At the end of the hall, there's a table. None of the gifts are
wrapped, because they would have to be opened by the wrong person
anyway. Sterile, gloved hands search for contraband: stuff that can be
torn apart and used by the patients to harm themselves, or get high.
Why anyone would think to bring those things is beyond me.

After checking in we walk through some double doors into the
cafeteria. There were drink machines, potted plants, plenty of natural
light coming through the windows--the only stark reminder of where you
are is a giant poster about "The Twelve Steps" screwed into the wall.

People shuffle in and out. There's more crying, hugging and awkward
pauses, because no one really knows what to say. We end up making
small talk with someone we love.

As we sit, I look around some more at the other people. They huddle
around their table and chit-chat.

We talk about everything else except the reason we came to see him. We
talk about what I'm doing in school, what the soccer team looks like
this year. The closest we come to discussing it is when we ask him how
he's feeling, how the group sessions are going, how long he has to
keep going to meetings once he leaves.

Outside it was sunny, but the mood was no different. We try to stay
under a shady tree and talk about all the things there are to do
outdoors.

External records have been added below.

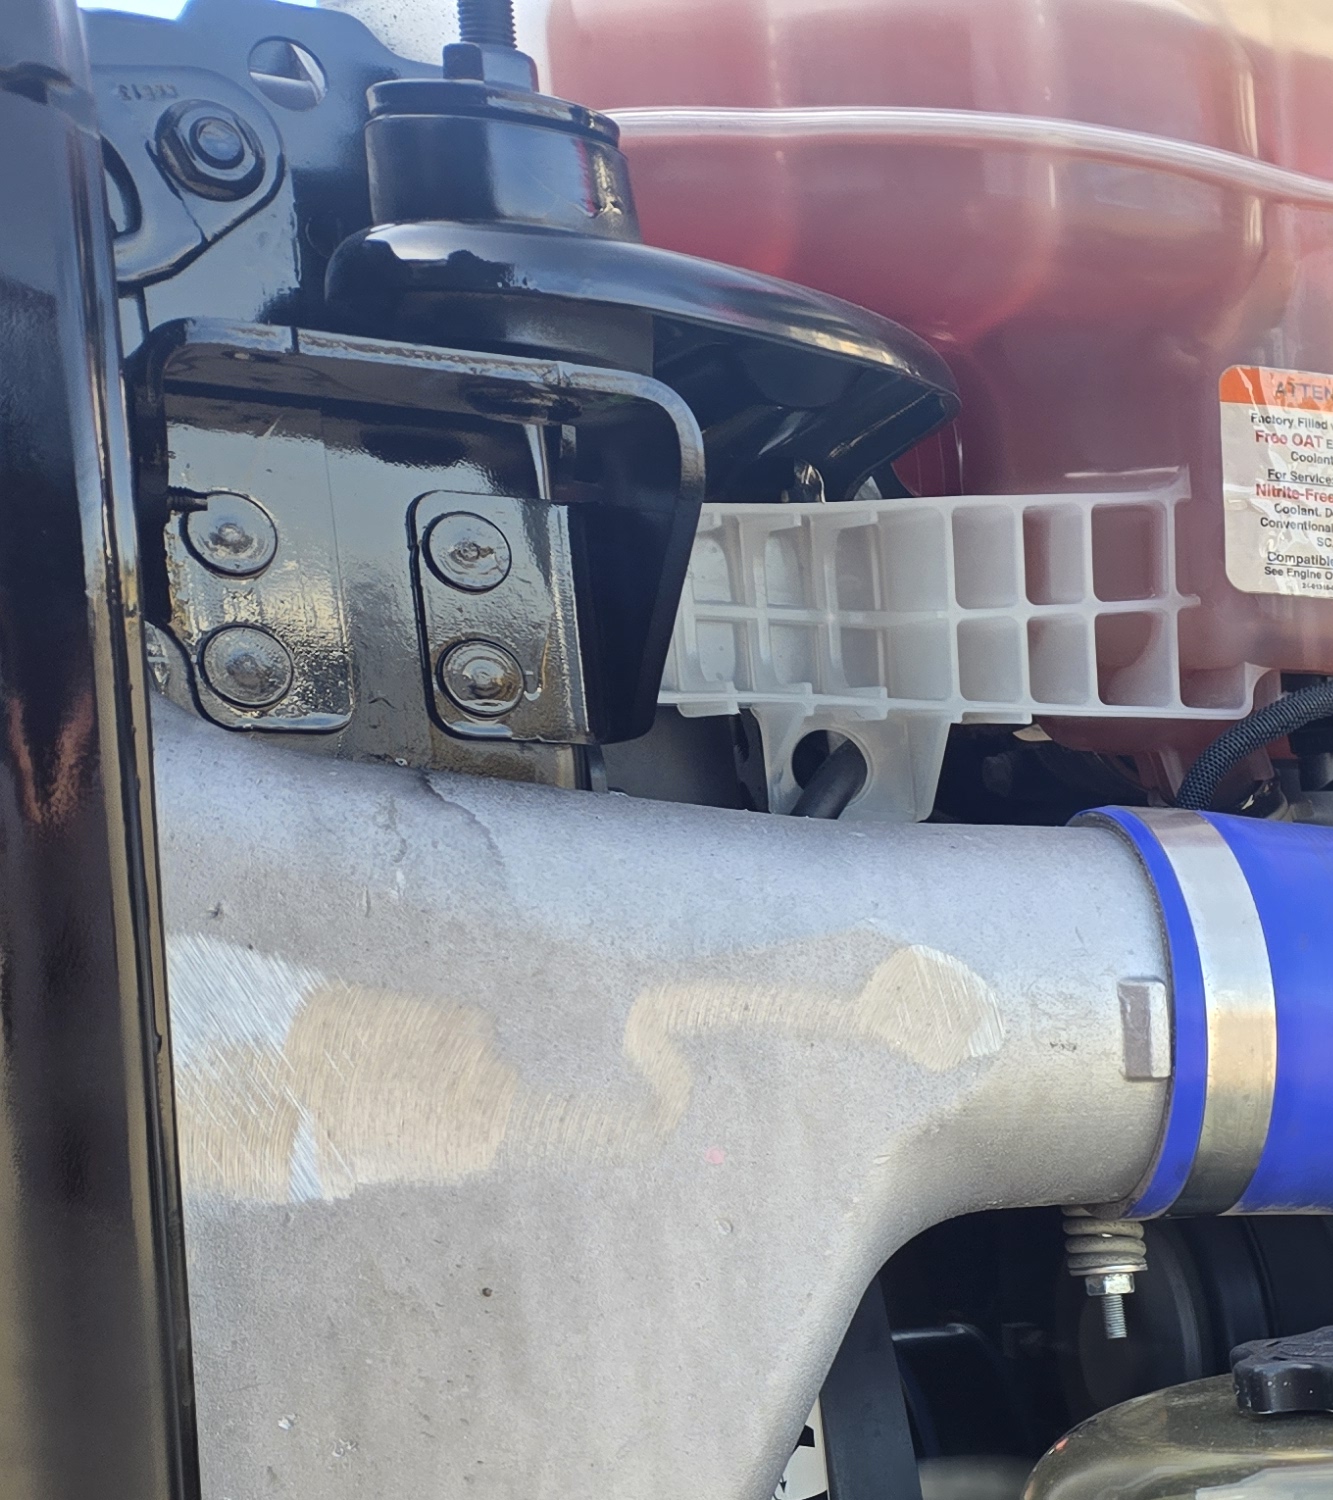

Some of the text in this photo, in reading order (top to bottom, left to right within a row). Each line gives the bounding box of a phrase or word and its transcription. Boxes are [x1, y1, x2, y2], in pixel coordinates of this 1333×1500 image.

[1251, 413, 1294, 430] Factory
[1298, 419, 1328, 430] Filled
[1255, 430, 1288, 445] Free
[1292, 433, 1324, 449] OAT
[1291, 451, 1333, 466] Coolant
[1268, 469, 1287, 481] For
[1260, 516, 1333, 533] Conventional
[1264, 566, 1284, 577] See
[1287, 568, 1322, 580] Engine
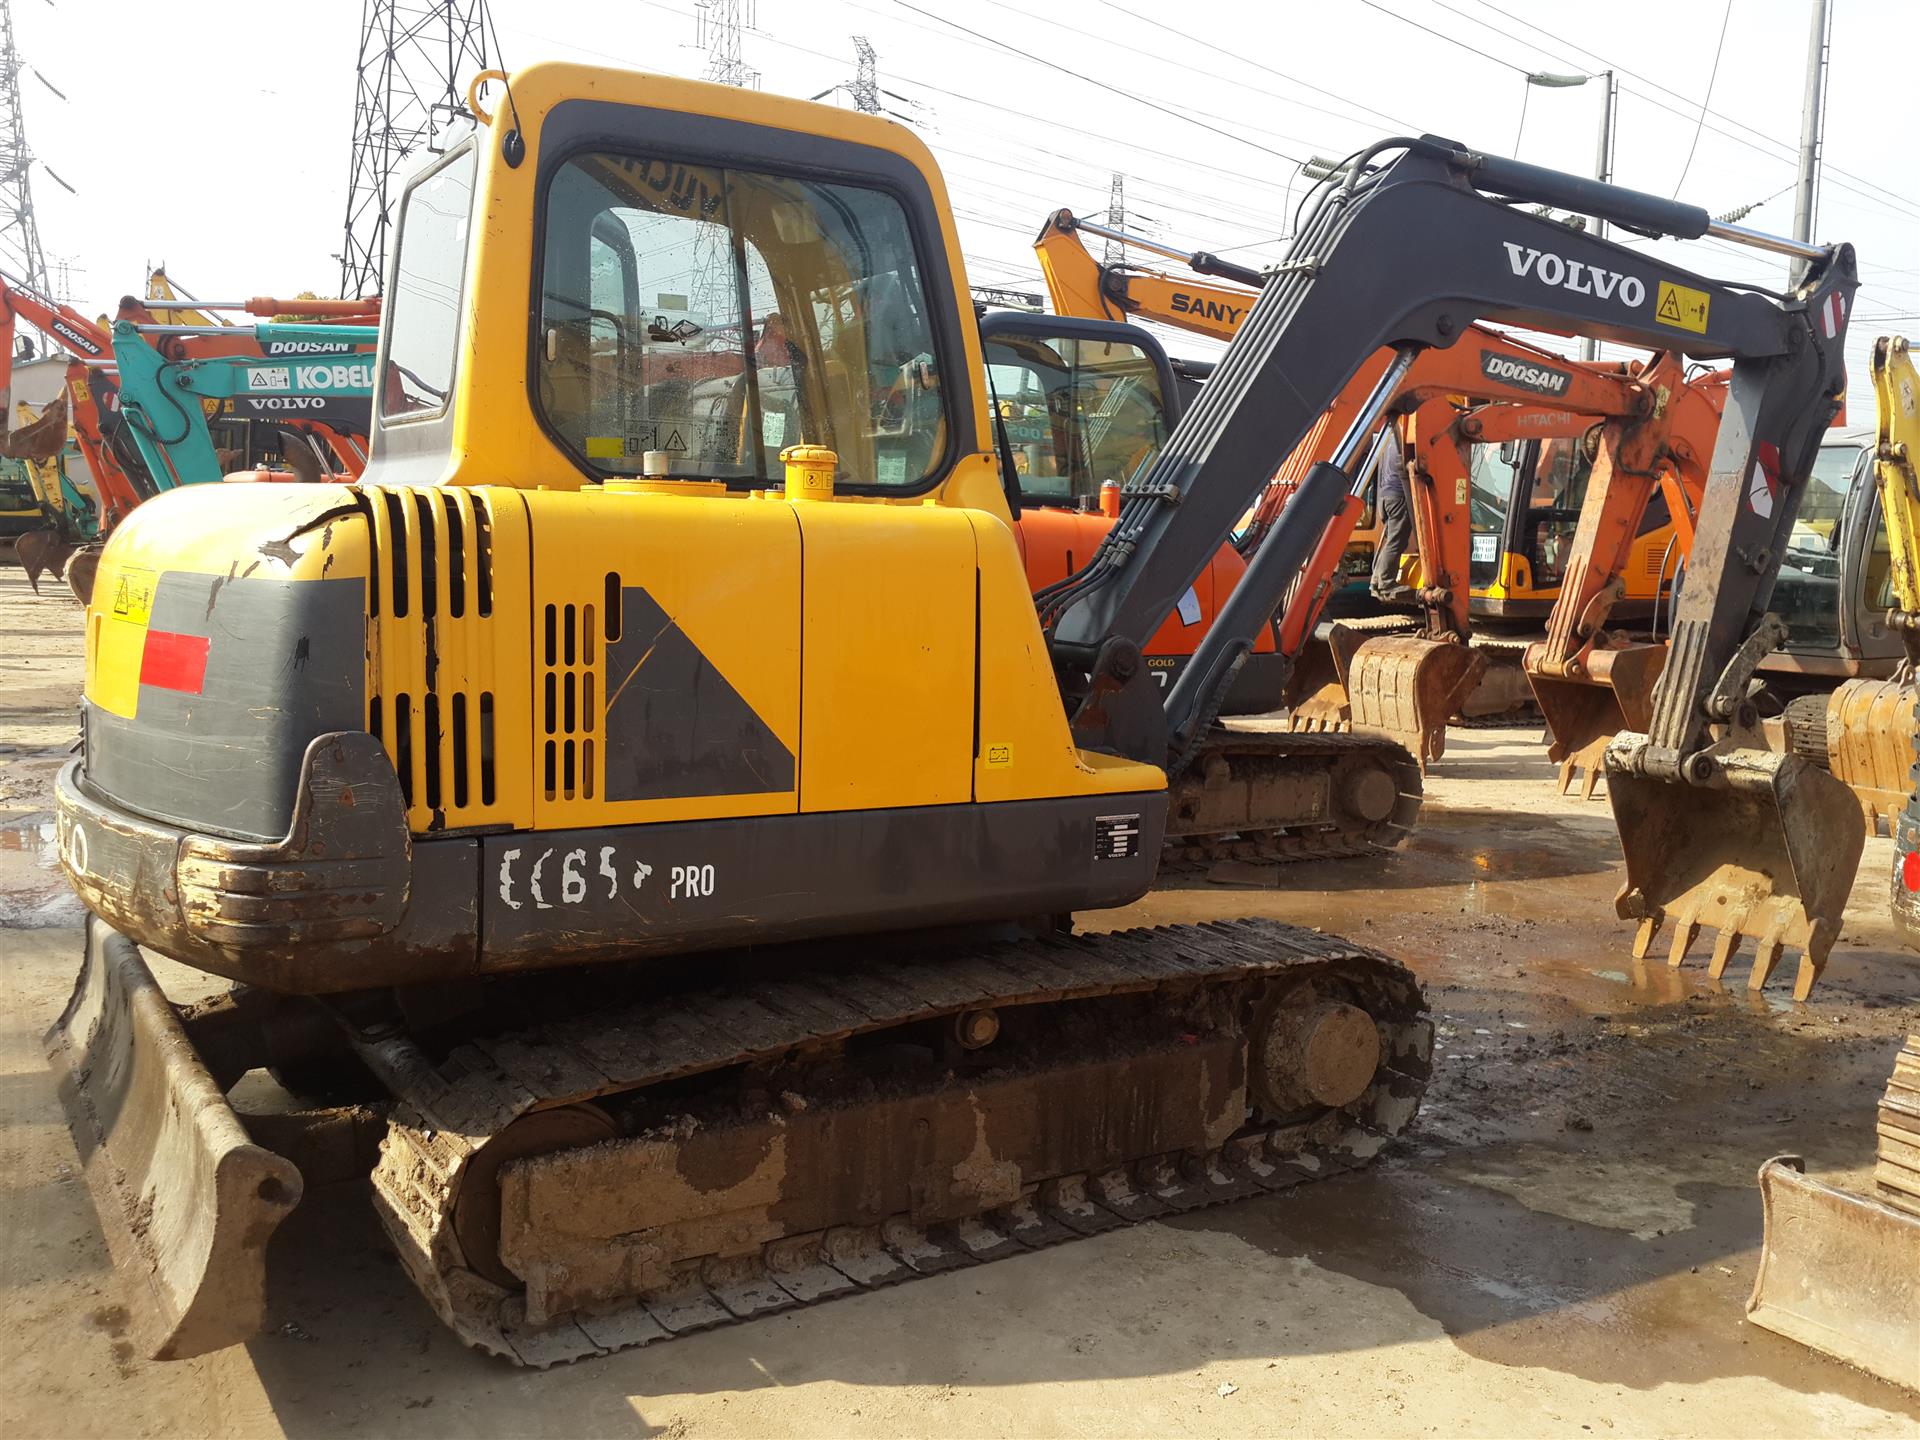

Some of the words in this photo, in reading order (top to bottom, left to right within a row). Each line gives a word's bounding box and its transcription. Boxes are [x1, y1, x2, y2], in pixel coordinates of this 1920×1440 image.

[1503, 241, 1646, 308] VOLVO
[1170, 293, 1242, 325] SANY
[53, 322, 100, 355] DOOSAN
[270, 341, 349, 354] DOOSAN
[1487, 357, 1565, 391] DOOSAN
[248, 397, 326, 410] VOLVO
[1517, 412, 1572, 428] HITACHI
[1147, 658, 1175, 668] GOLD
[670, 864, 715, 899] PRO
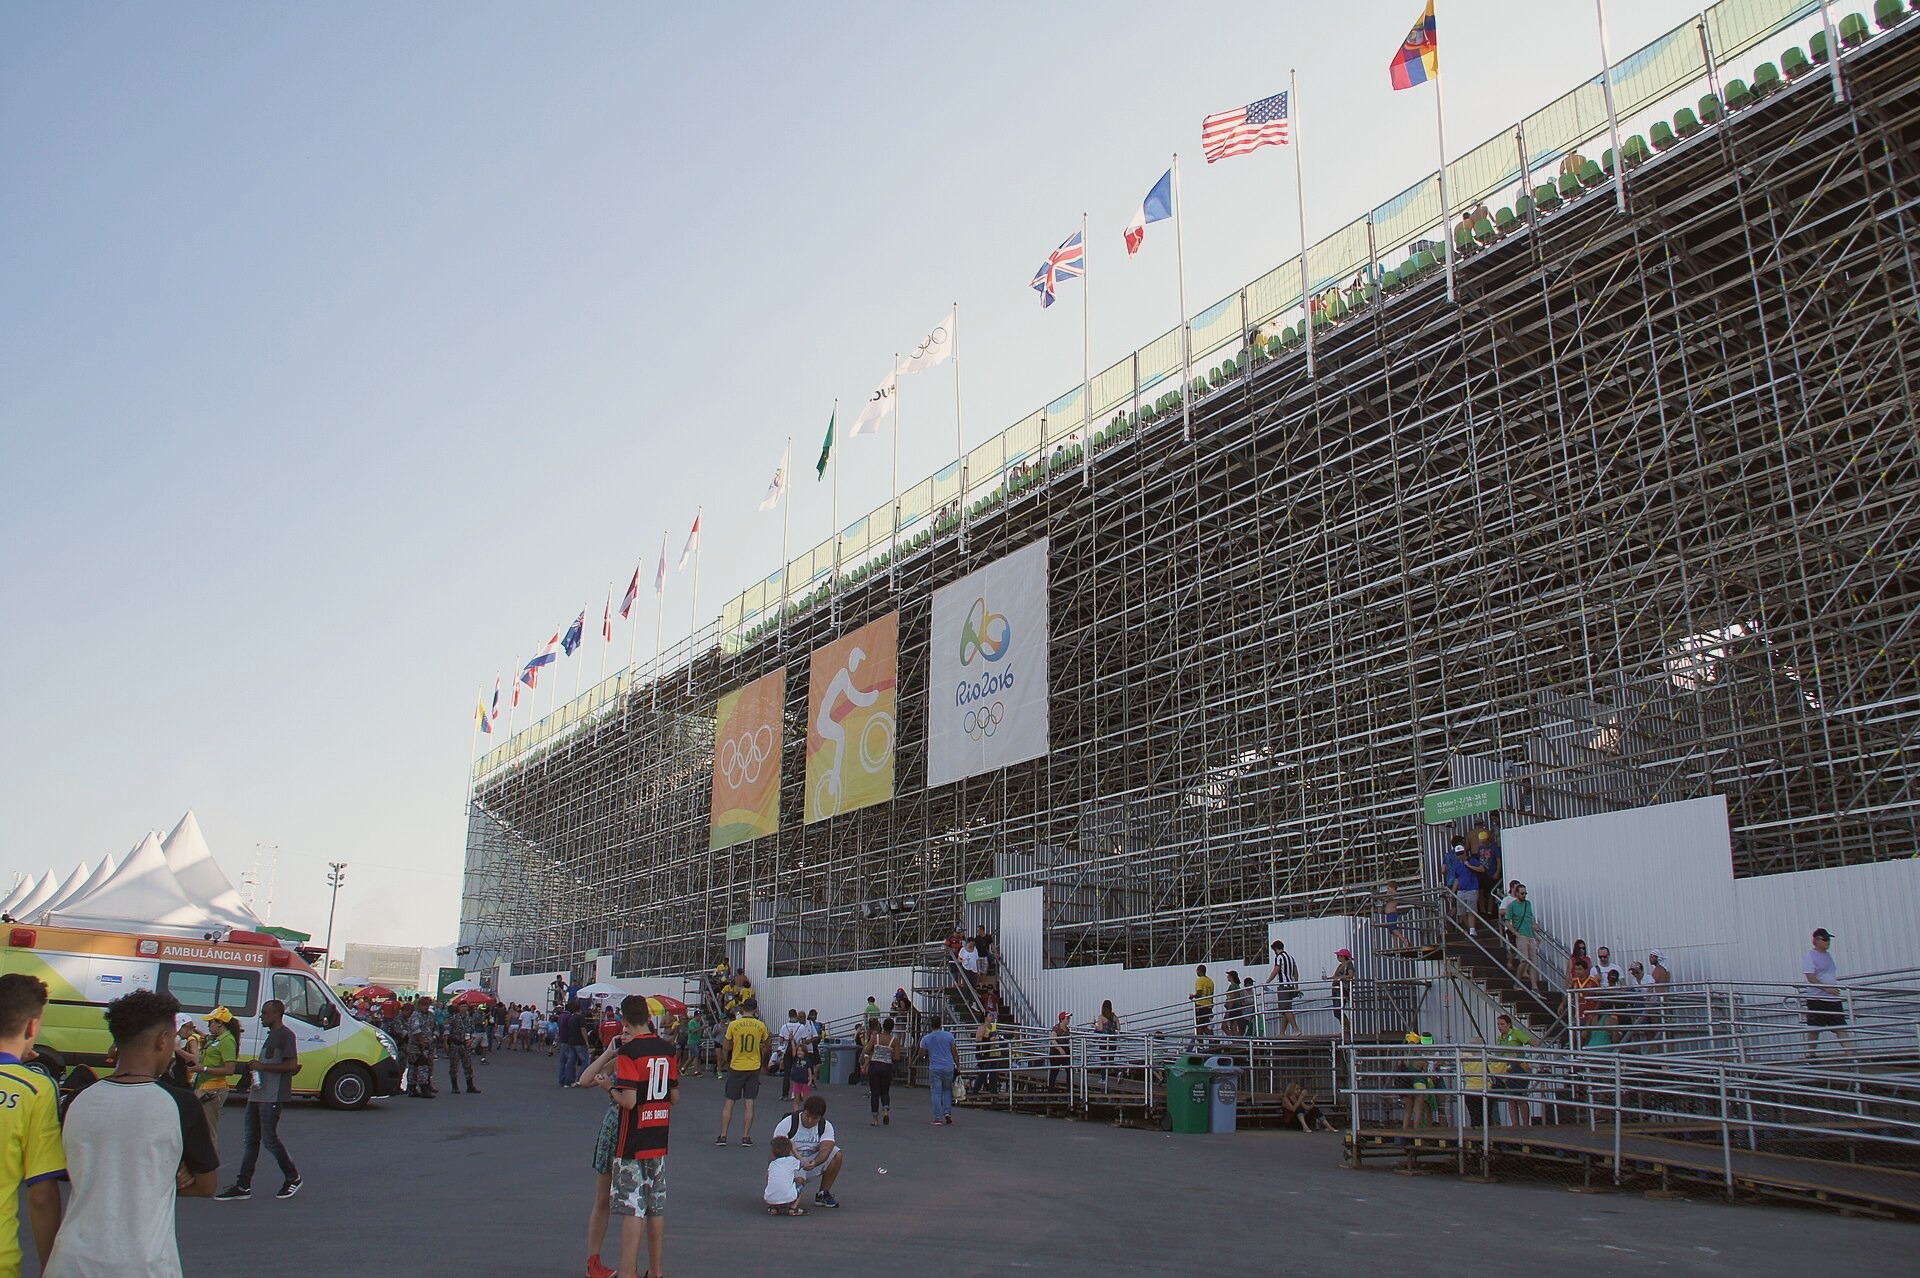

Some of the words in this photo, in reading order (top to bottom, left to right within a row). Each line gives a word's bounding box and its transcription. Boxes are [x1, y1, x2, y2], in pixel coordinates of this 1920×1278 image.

He asks if we can bring his disc golf bag and some
cigarettes next time.

As we get ready to leave I'm told not to look at him or wave goodbye--
some rule they told us that I still don't understand--but I can't help
myself. We see him smoking on the porch. He waves and so do I, only to
have my hand yanked back down.

Years have passed and I consider myself lucky to have come away from
that place without having lost him when some of the other people there
that day were not as fortunate.

Maybe you can control smoking marijuana. Maybe terminally ill people
need it to ease their pain. I don't buy the legalization arguments
enough to let it slide for the sake of any one person who decides to
destroy their life.

Whenever I hear about people getting into crazy things just because
they were high out of their gourd, my stomach churns. I just want to
sit down and tell them they don't need it. People are worth so much
more than they give themselves credit for, but they let themselves go
to waste while their friends and family stand around and watch.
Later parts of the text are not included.